During some hydraulic fracturing processes, it is found that only 10% to 50% of fracturing fluids is recovered. This paper investigates how much of the remaining fracturing fluids are imbibed by shale rocks as a function of time, and also investigates the influence of various parameters on the imbibition process including: lithology, reservoir characteristics, and fluid properties. In addition, based on the experimental results, a numerical model is developed to estimate the amount and rate of spontaneous imbibition during fracturing over the entire fracture face.
The rock samples are from the Horn River formation. The fracturing fluids used in the experiments include 2% KCL, 0.07% friction reducer and 2% KCL substitute. Distilled water is also used in experiments as control groups. Through spontaneous imbibition experiments, the relationships between imbibed weight of fluid and time show that the content of clay is the most important factor which affects the total amount imbibed. Shale matrix with high clay content can imbibe volume of fluid greater than its measured porous space because of the clay's strong ability to expand and hold water. Small porosity with less total organic carbon (TOC) results in the highest imbibed rate. Contact angle results show the stronger water wet shale samples have a faster imbibed rate. Temperature also influence amount of imbibition. The total imbibed volume decreases as the environment temperature rises.

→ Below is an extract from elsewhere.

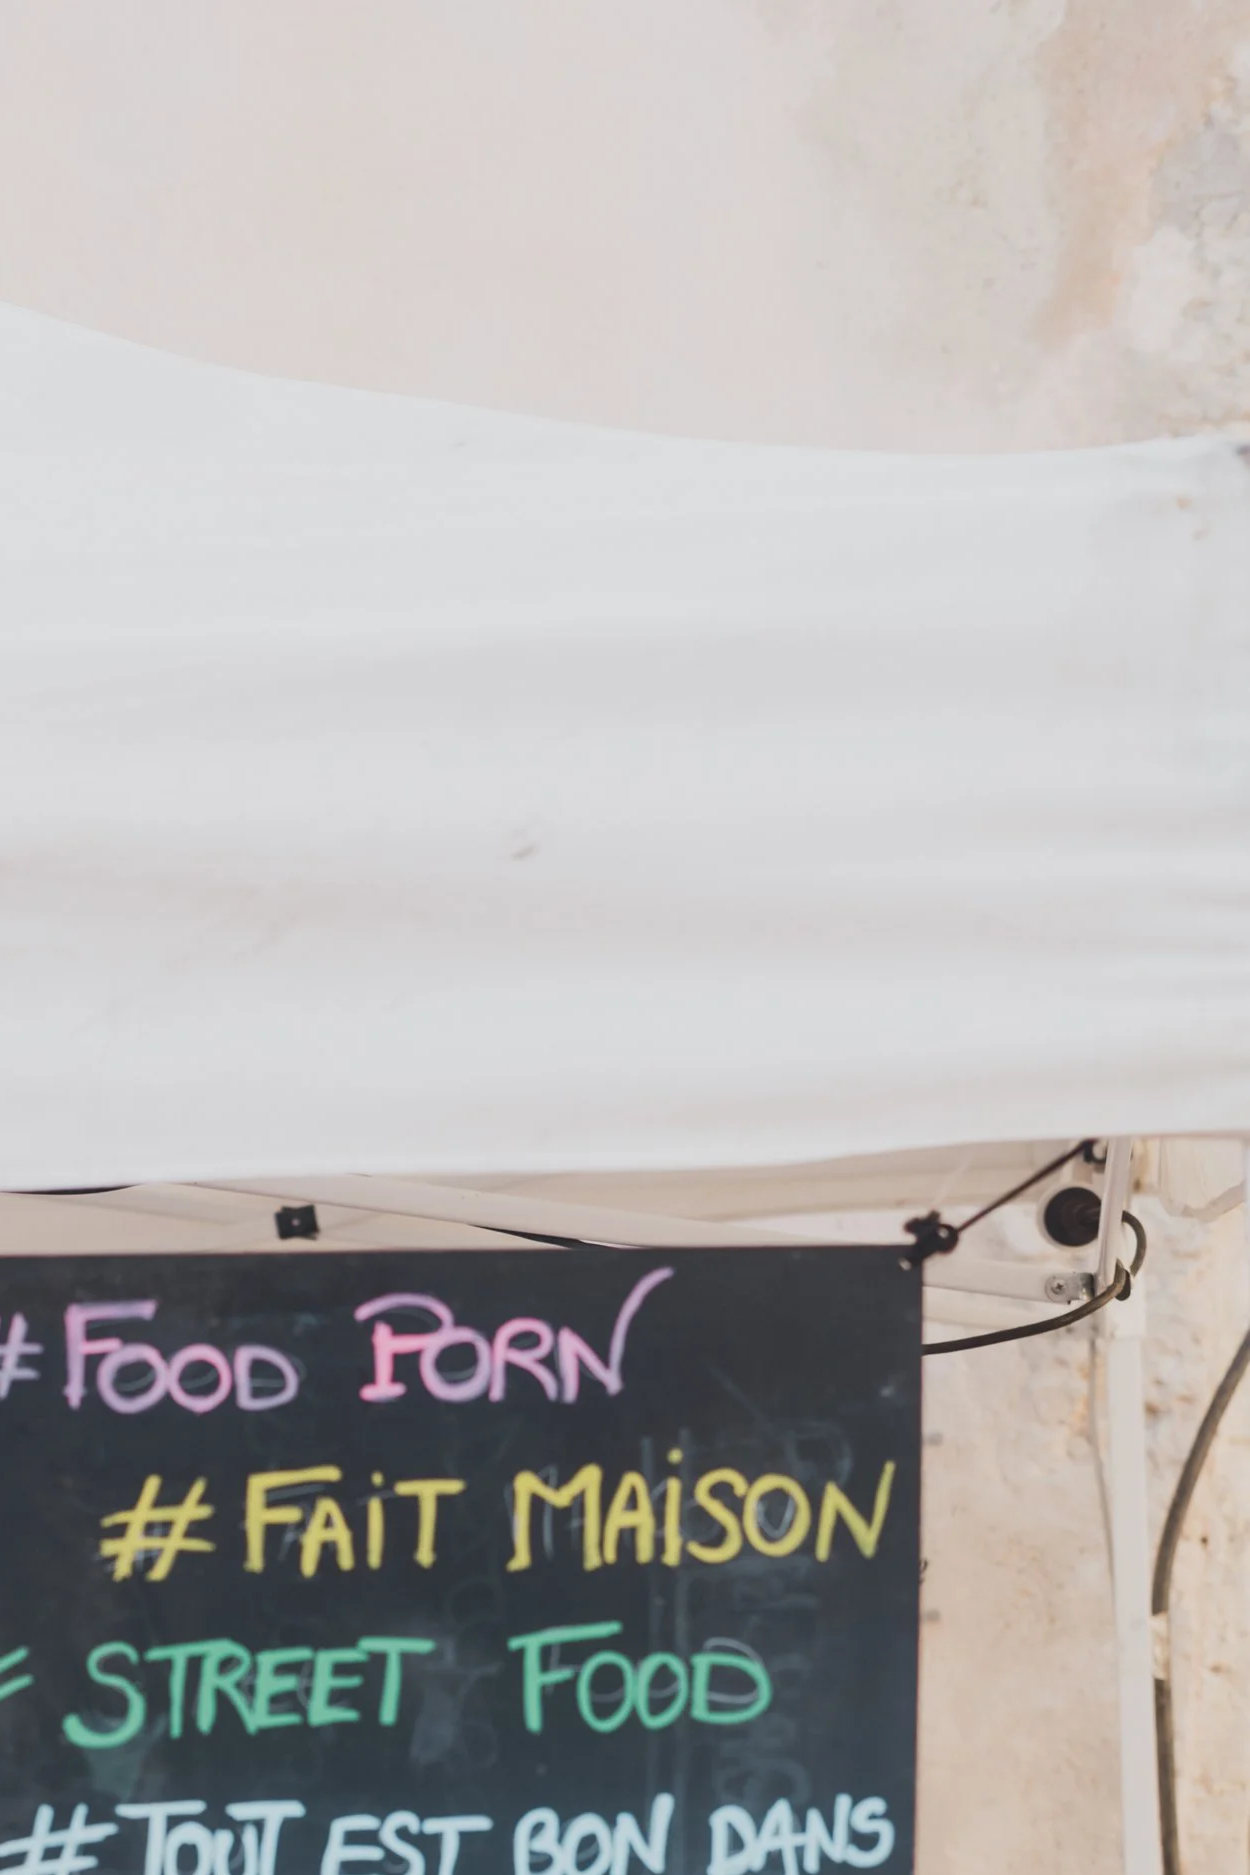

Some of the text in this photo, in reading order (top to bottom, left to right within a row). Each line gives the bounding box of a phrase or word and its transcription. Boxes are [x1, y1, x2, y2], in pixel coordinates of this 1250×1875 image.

[354, 1267, 673, 1402] PORN
[63, 1637, 436, 1748] STREET
[509, 1622, 772, 1732] FOOD
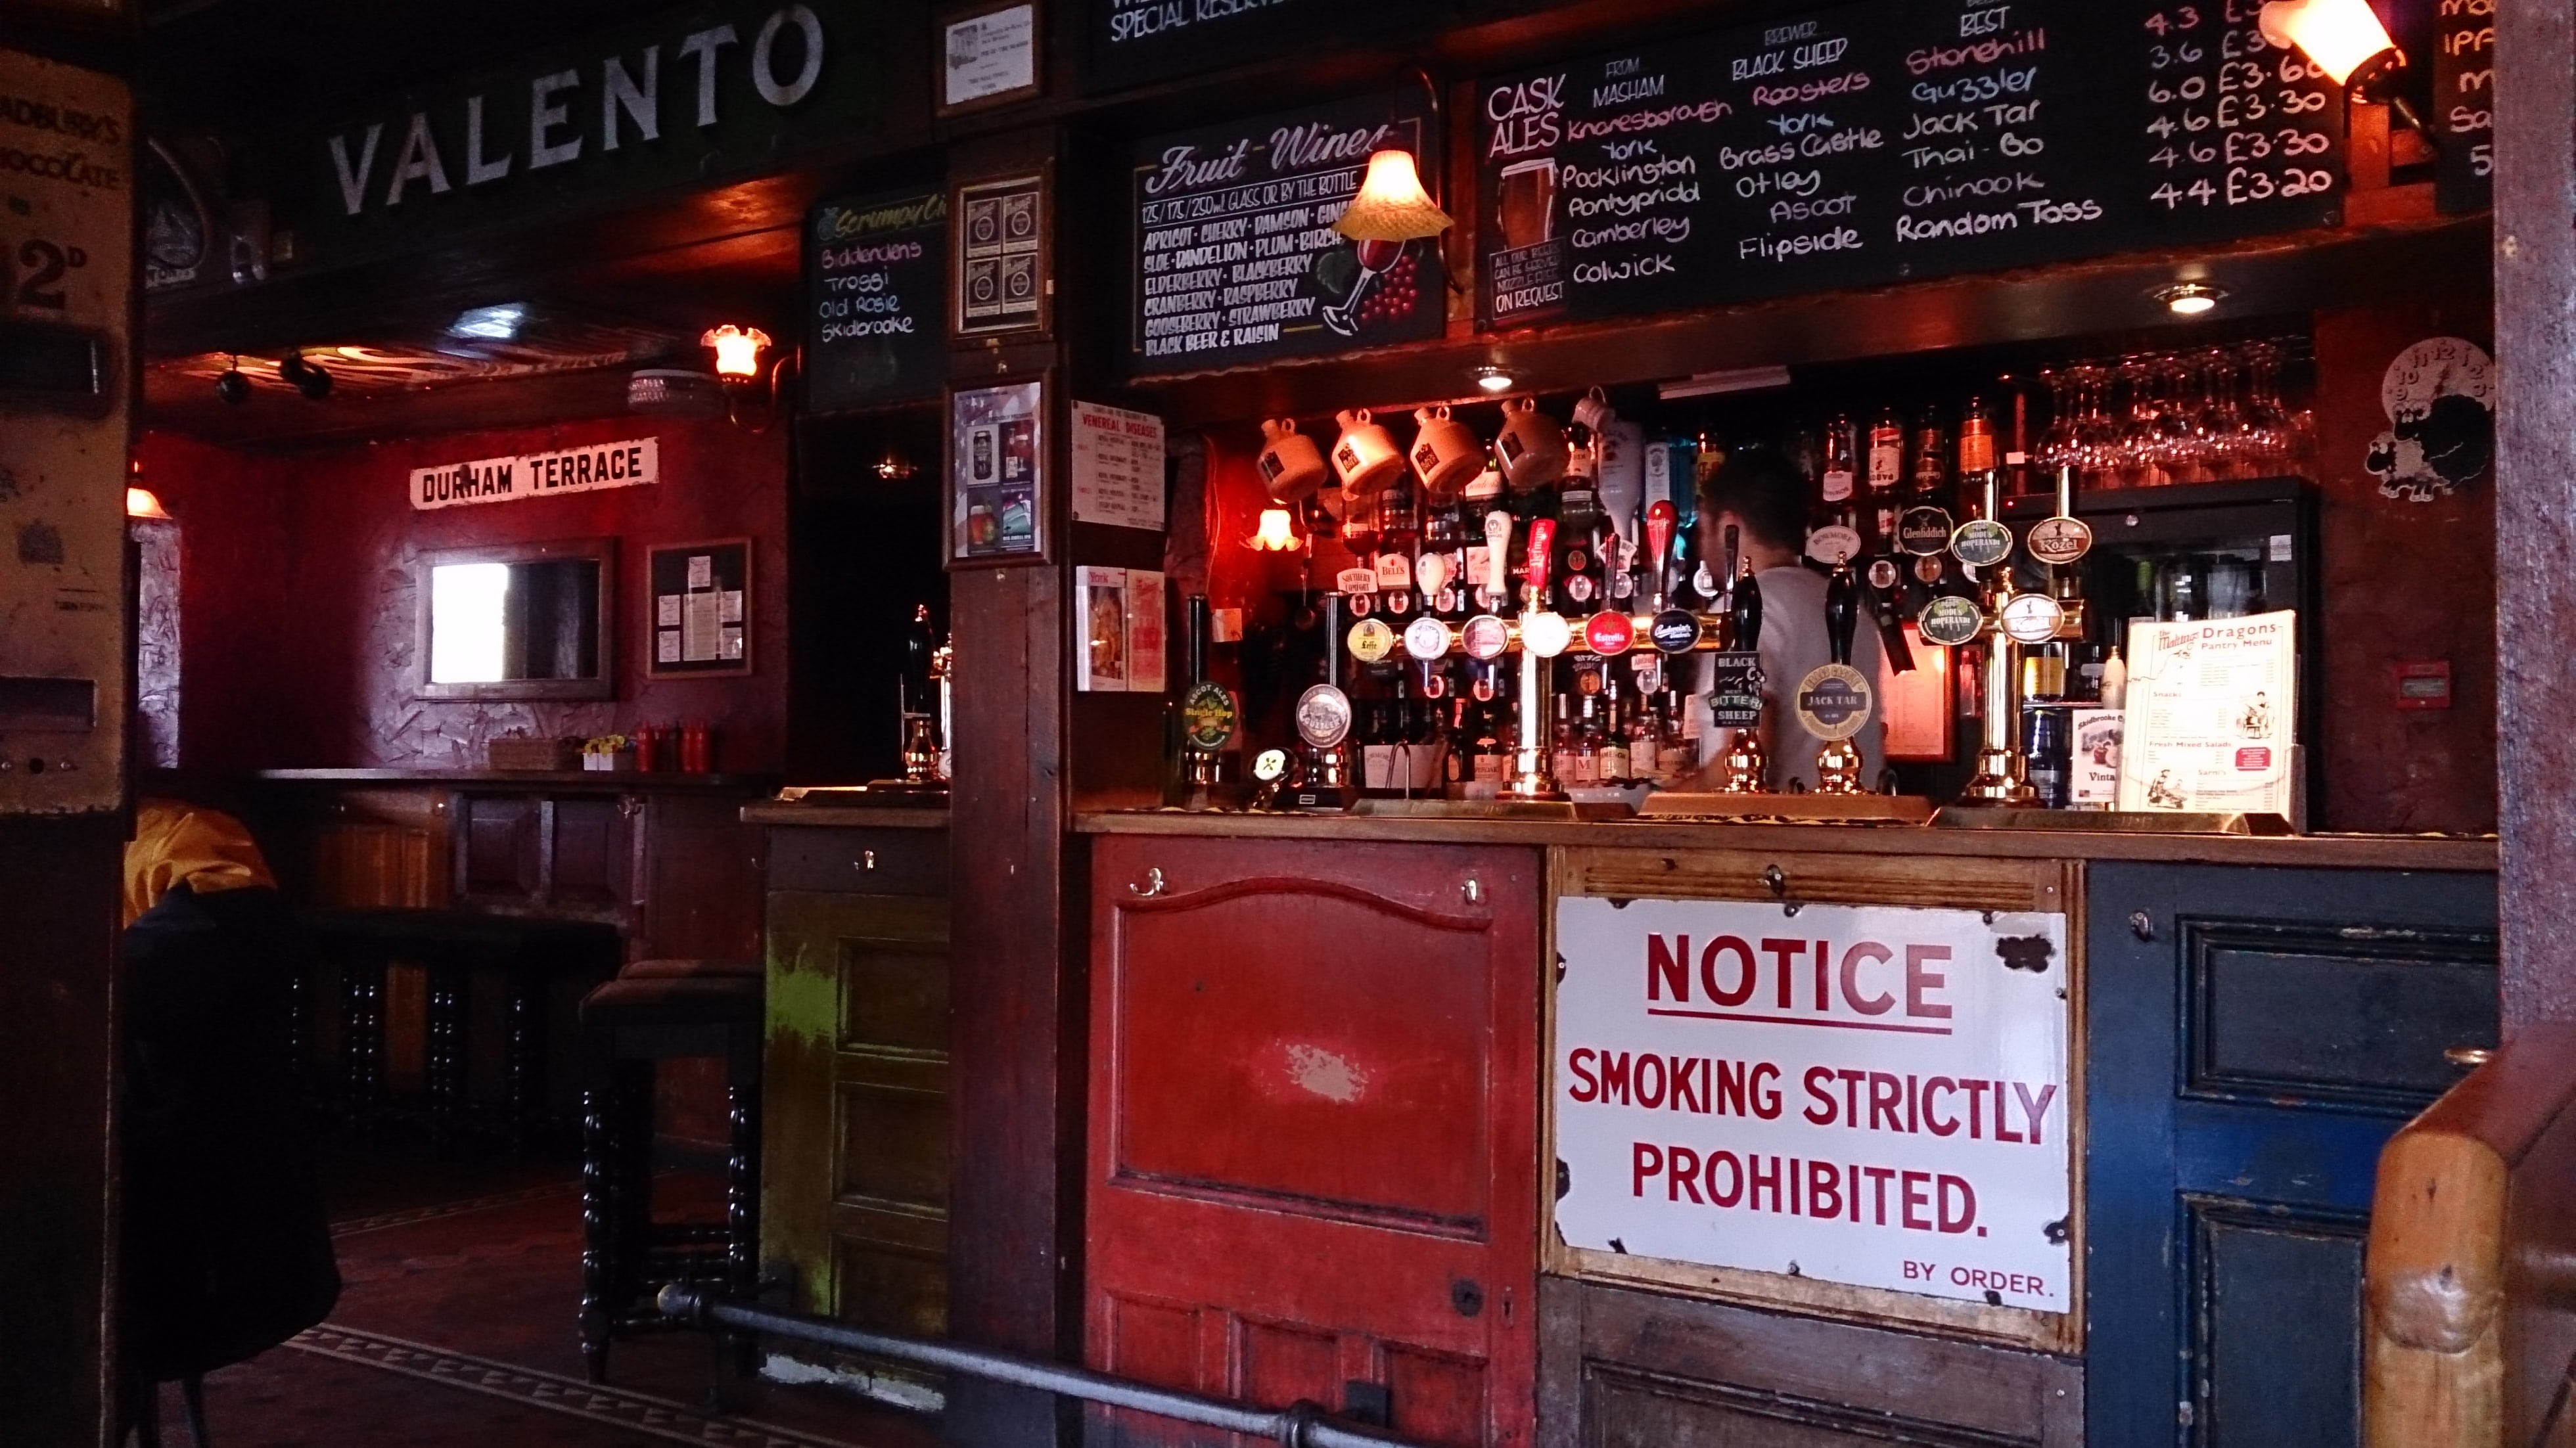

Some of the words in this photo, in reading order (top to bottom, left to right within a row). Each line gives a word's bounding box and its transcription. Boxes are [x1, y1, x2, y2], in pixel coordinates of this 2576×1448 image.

From this paper, it can help optimally design fracturing fluid for different conditions of shale formation to reduce fluid loss. We find that 2% KCL and 2% KCL substitute fracturing fluid are imbibed 10% to 40% less than 0.07% friction reducer in shale formation with high clay content; while in shale formation with low clay content, the opposite occurs. 0.07% friction reducer is imbibed 10% to 30% less than 2% KCL, but has similar imbibed amount with 2% KCL substitute.
The numerical model results are matched with the experiment results in order to estimate relative permeability and initial water saturation in the model which can represent the properties of rocks. This model can use to estimate the total imbibed volume along fracture faces through spontaneous imbibition.